_TASK STATEMENT:_ Every record must appear in your copy exactly as written, with no pictures.

_RECORDS FOR THIS TASK:_

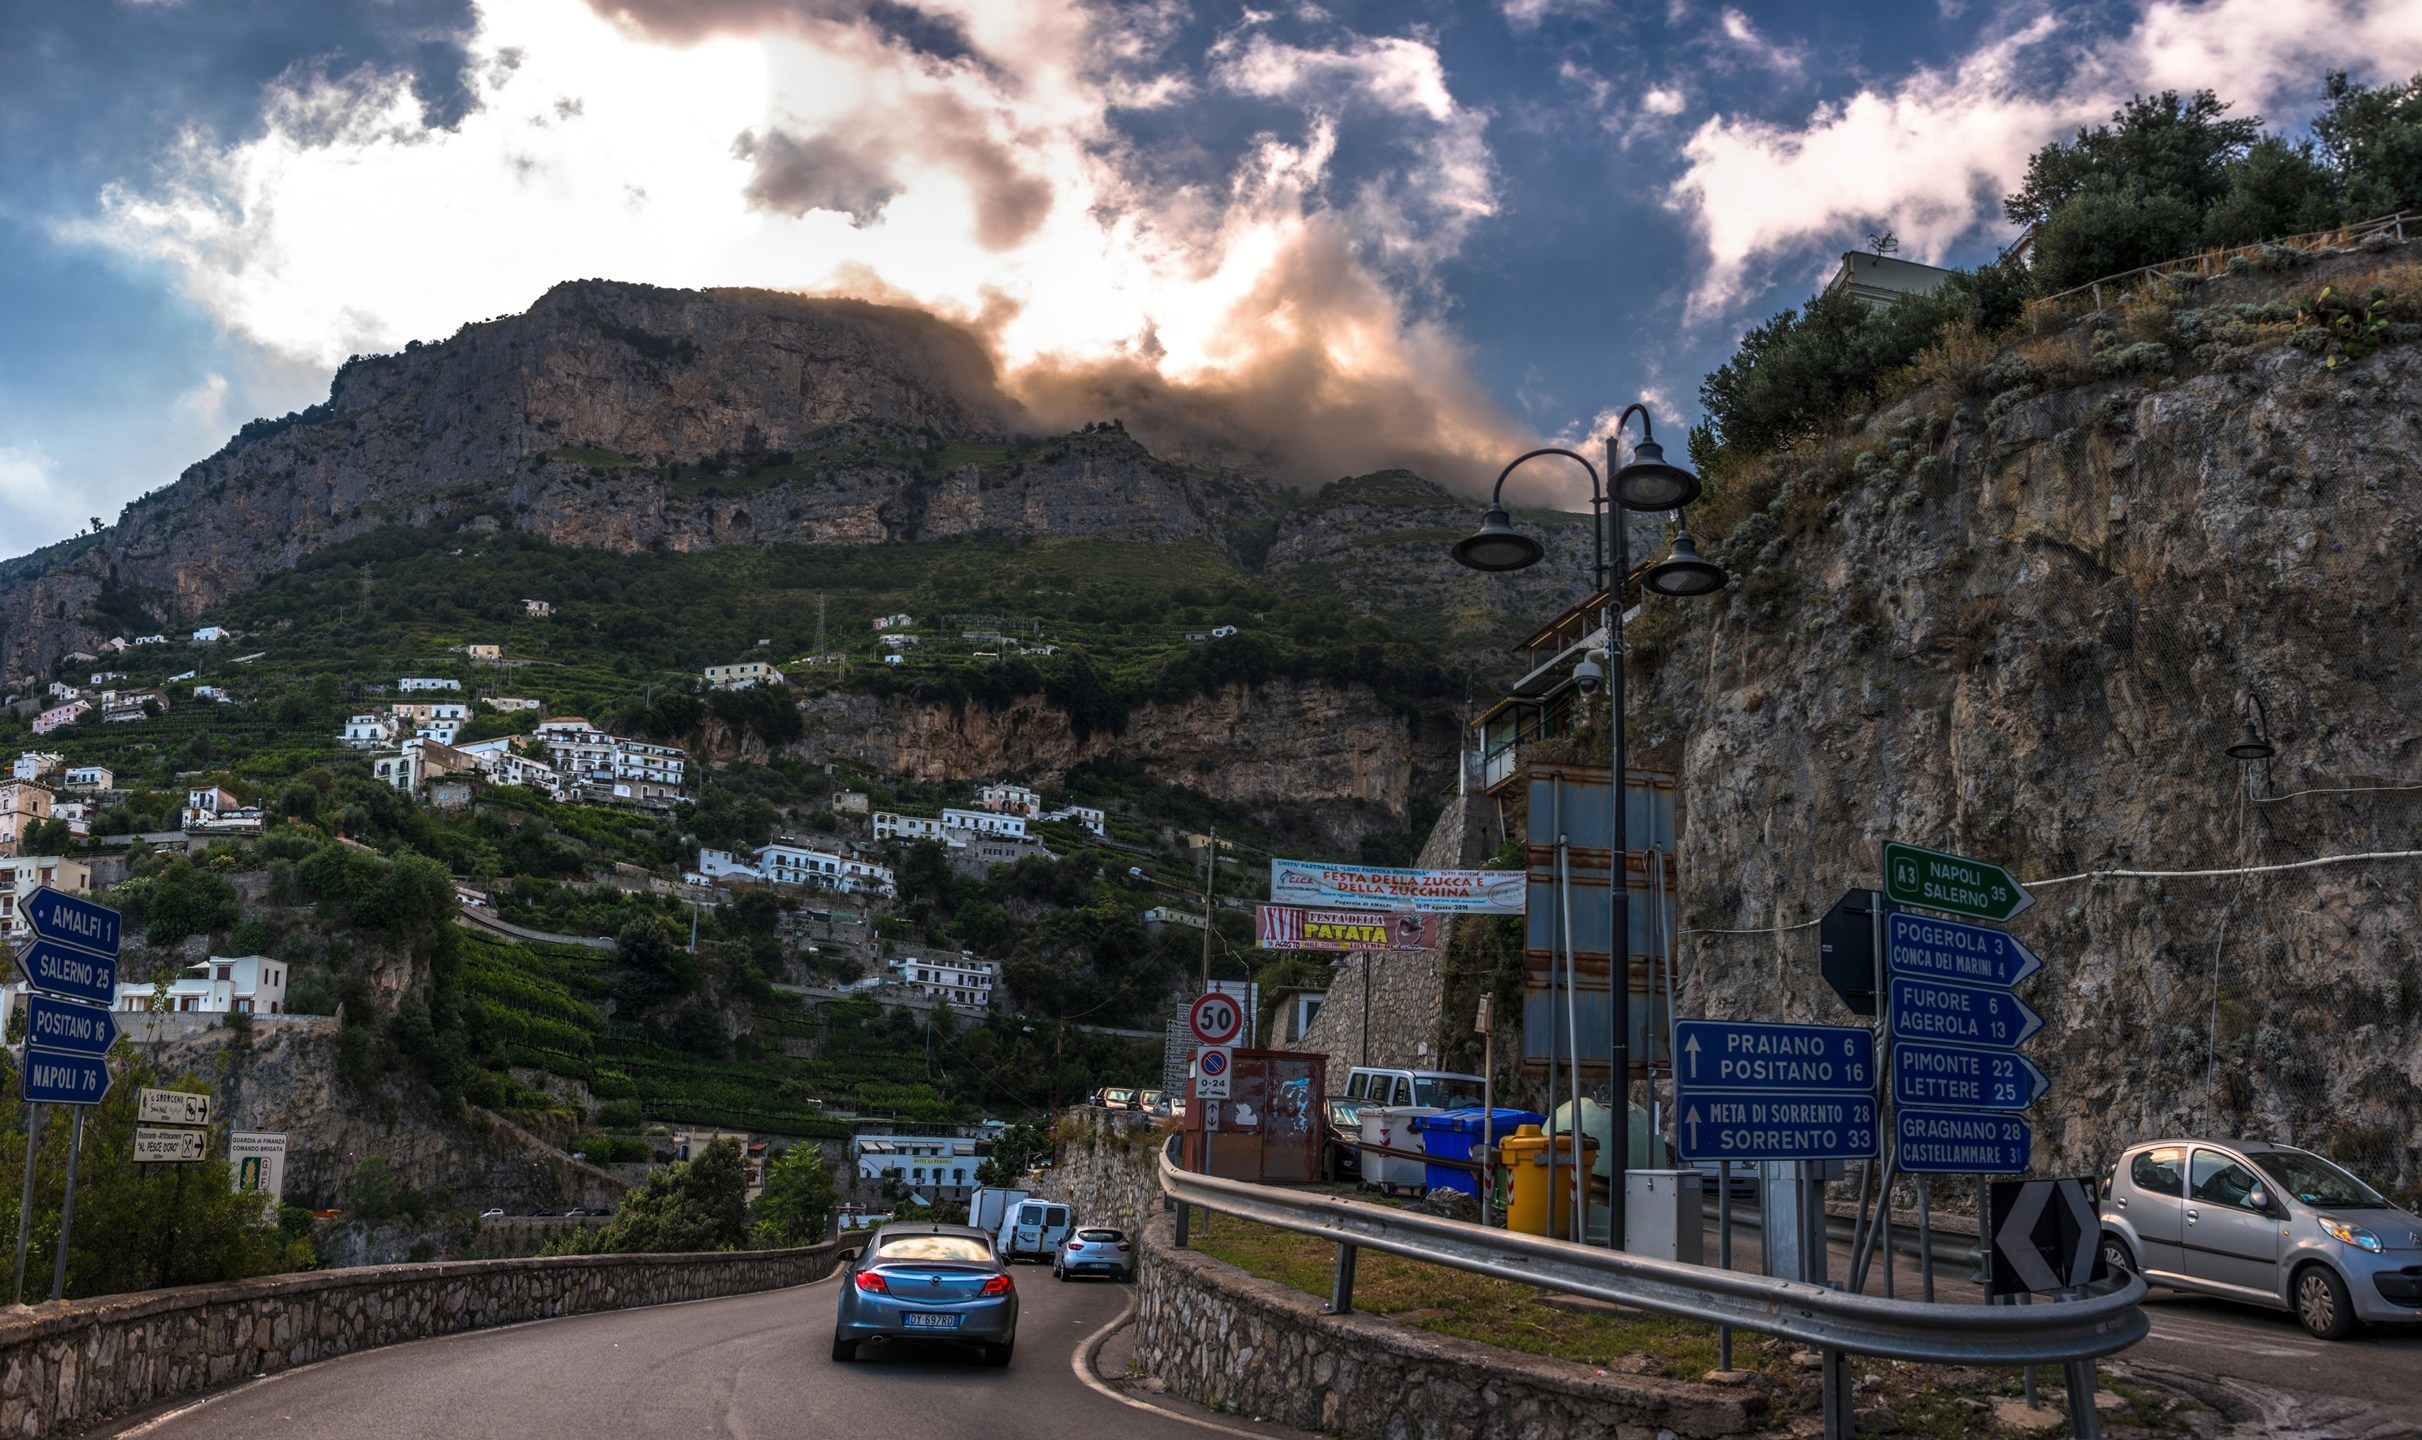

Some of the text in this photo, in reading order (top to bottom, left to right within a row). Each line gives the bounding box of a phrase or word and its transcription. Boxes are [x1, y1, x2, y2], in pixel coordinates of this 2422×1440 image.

[1301, 863, 1338, 871] PASTORALE
[1898, 865, 1916, 885] A3
[1930, 862, 1981, 886] NAPOLI
[1323, 871, 1485, 887] FESTA DELLA ZUCCA E
[1338, 882, 1470, 898] DELLA ZUCCHINA
[1924, 883, 1989, 908] SALERNO
[1991, 886, 2007, 902] 35
[52, 905, 112, 942] AMALFI 1
[1310, 913, 1383, 925] FESTA DELLA
[1305, 923, 1388, 943] PATATA
[1897, 922, 2003, 955] POGEROLA 3
[1275, 941, 1300, 949] AGOSTO
[40, 954, 109, 990] SALERNO 25
[1894, 946, 2005, 979] CONCA DEI MARINI 4
[1904, 987, 1998, 1015] FURORE 6
[37, 1010, 105, 1042] POSITANO 16
[1200, 1006, 1231, 1031] 50
[1900, 1011, 2006, 1039] AGEROLA 13
[1728, 1034, 1854, 1057] PRAIANO 6
[1721, 1060, 1864, 1082] POSITANO 16
[1903, 1052, 2014, 1078] PIMONTE 22
[33, 1065, 97, 1092] NAPOLI 76
[1201, 1079, 1225, 1087] 0-24
[1905, 1077, 2016, 1101] LETTERE 25
[1710, 1103, 1870, 1124] META DI SORRENTO 28
[1720, 1130, 1871, 1150] SORRENTO 33
[1903, 1118, 2021, 1141] GRAGNANO 28
[147, 1142, 162, 1152] PESCE
[1903, 1144, 2000, 1164] CASTELLAMMARE
[910, 1314, 922, 1325] DY

_EXERCISE RESPONSE:_
Some of the text in this photo, in reading order (top to bottom, left to right within a row). Each line gives the bounding box of a phrase or word and its transcription. Boxes are [x1, y1, x2, y2], in pixel coordinates of this 2422×1440 image.

[1301, 863, 1338, 871] PASTORALE
[1898, 865, 1916, 885] A3
[1930, 862, 1981, 886] NAPOLI
[1323, 871, 1485, 887] FESTA DELLA ZUCCA E
[1338, 882, 1470, 898] DELLA ZUCCHINA
[1924, 883, 1989, 908] SALERNO
[1991, 886, 2007, 902] 35
[52, 905, 112, 942] AMALFI 1
[1310, 913, 1383, 925] FESTA DELLA
[1305, 923, 1388, 943] PATATA
[1897, 922, 2003, 955] POGEROLA 3
[1275, 941, 1300, 949] AGOSTO
[40, 954, 109, 990] SALERNO 25
[1894, 946, 2005, 979] CONCA DEI MARINI 4
[1904, 987, 1998, 1015] FURORE 6
[37, 1010, 105, 1042] POSITANO 16
[1200, 1006, 1231, 1031] 50
[1900, 1011, 2006, 1039] AGEROLA 13
[1728, 1034, 1854, 1057] PRAIANO 6
[1721, 1060, 1864, 1082] POSITANO 16
[1903, 1052, 2014, 1078] PIMONTE 22
[33, 1065, 97, 1092] NAPOLI 76
[1201, 1079, 1225, 1087] 0-24
[1905, 1077, 2016, 1101] LETTERE 25
[1710, 1103, 1870, 1124] META DI SORRENTO 28
[1720, 1130, 1871, 1150] SORRENTO 33
[1903, 1118, 2021, 1141] GRAGNANO 28
[147, 1142, 162, 1152] PESCE
[1903, 1144, 2000, 1164] CASTELLAMMARE
[910, 1314, 922, 1325] DY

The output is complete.